Few people know about ASIO's checking process. One of the last two men detained on Nauru had his adverse assessment dropped after contesting it in court. The other was resettled in Sweden.
Frederika Steen, who worked for the Department of Immigration for 17 years and knew the men, said five Tamils were now facing a similar limbo.
''It destroyed their lives,'' she said of the two Iraqis. ''The Government is hawking around for a country more humane than ours.''
The Iraqi men, Mohammed Yussef Sagar and Muhammad Faisal, became mentally ill after their indefinite incarceration as part of the so-called Pacific solution. They were on Nauru five years.
The government was unable to deport the pair because of the danger in Iraq or grant them residency in Australia. It now has a similar problem with the five Tamils.
Yesterday the Federal Opposition said the Government had ''breached our national security'' by flying four Tamil refugees, three men and one woman (who has her two children with her), from the Oceanic Viking to Christmas Island, knowing of ASIO's adverse security assessments.
Another asylum seeker to fail the checks was already on Christmas Island, having arrived by boat last year.
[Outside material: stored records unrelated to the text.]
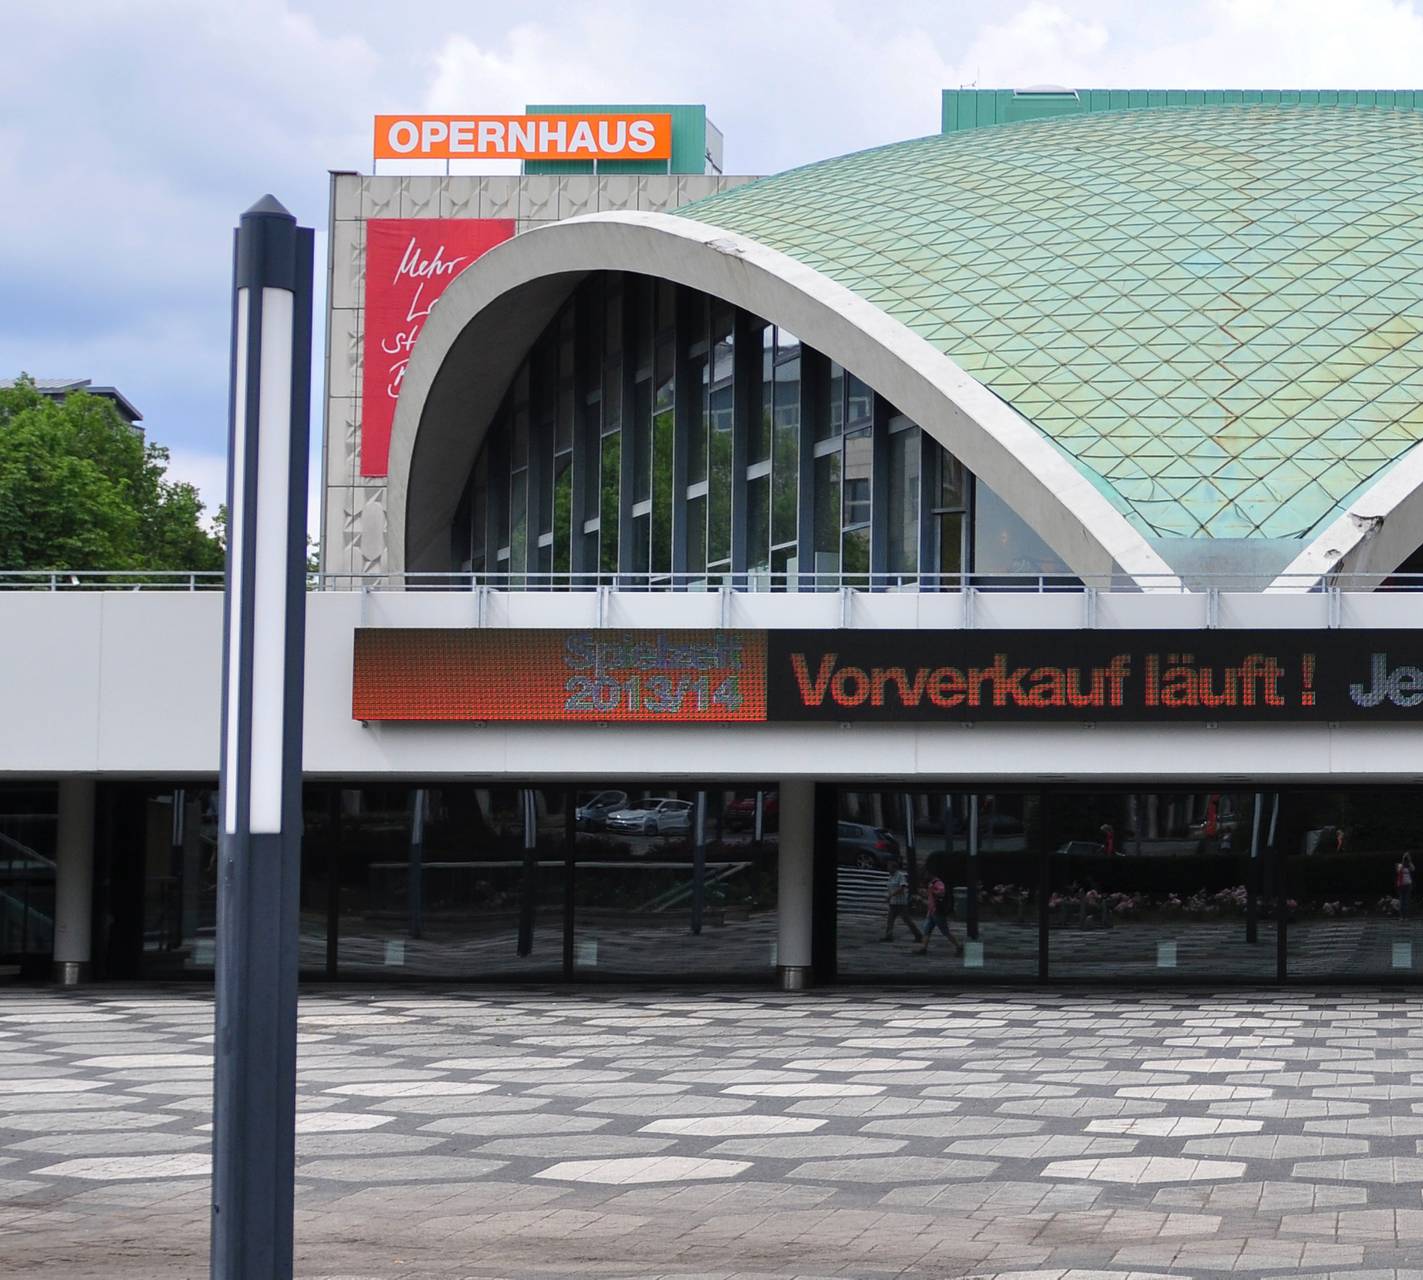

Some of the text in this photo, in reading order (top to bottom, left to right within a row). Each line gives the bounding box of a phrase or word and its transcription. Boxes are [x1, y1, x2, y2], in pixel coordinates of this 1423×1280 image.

[388, 120, 656, 153] OPERNHAUS
[393, 237, 468, 285] Mehr
[564, 675, 744, 714] 2013/14
[791, 653, 1131, 707] Vorverkauf
[1145, 653, 1285, 707] läuft
He is the husband of the female asylum seeker from the Oceanic Viking.
''This is a government which is charged with safeguarding the security of the country and yet it has brought to this country people whom it knew to have been given adverse security assessments,'' the Opposition Leader, Tony Abbott, said.
The UN Refugee Agency does not grant refugee status to anyone who has committed war crimes or crimes against humanity. It determined all 78 Sri Lankan Tamils who refused to get off the Oceanic Viking in Indonesia to be refugees.
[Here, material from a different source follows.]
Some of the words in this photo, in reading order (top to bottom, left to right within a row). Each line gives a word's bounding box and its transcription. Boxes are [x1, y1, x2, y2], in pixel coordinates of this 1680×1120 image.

The Minister for Immigration, Chris Evans, said he did not know what the security concerns surrounding the five Tamils were. The Tamils were not discussed by the border security committee of cabinet, which met in Canberra yesterday.
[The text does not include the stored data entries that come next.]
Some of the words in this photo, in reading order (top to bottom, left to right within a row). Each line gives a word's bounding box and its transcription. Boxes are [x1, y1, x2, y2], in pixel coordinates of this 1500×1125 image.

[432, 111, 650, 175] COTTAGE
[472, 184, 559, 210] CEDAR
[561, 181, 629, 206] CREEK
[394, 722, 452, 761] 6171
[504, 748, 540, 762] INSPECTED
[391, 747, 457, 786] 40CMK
''Those decisions are made by ASIO and they don't discuss the detail of those things,'' he said.
A refugee lawyer, David Manne, said secrecy was part of the problem. People suspected of being a risk were never told why. ''ASIO gets information but it never puts it to the person,'' he said. ''These people are stuck in indefinite detention but it's impossible to find out what the concerns are.''
The process had to be made transparent and subject to independent scrutiny. ''ASIO has made serious mistakes in the past,'' he said. ''It's crucial that we don't revert to the previous situation where these people's plight became a political football.''
ASIO draws on classified and unclassified information to evaluate a person's activities, associates, attitudes, background and character. The agency takes into account the credibility and reliability of information available, the ASIO annual report says. Where sources contradict, ASIO seeks to interview the person.
According to Ms Steen, repeated interviews, without disclosing the nature of the suspicions, bordered on harassment. ''ASIO got leant on. Its re-interviewing of the two men on Nauru was a result of political interference from the top.'' ASIO declined to comment.
A boat carrying 42 asylum seekers was intercepted five nautical miles off Christmas Island yesterday. The Opposition spokesman on Customs, Michael Keenan, said the boat's proximity to the island showed Border Protection Command was stretched beyond capacity.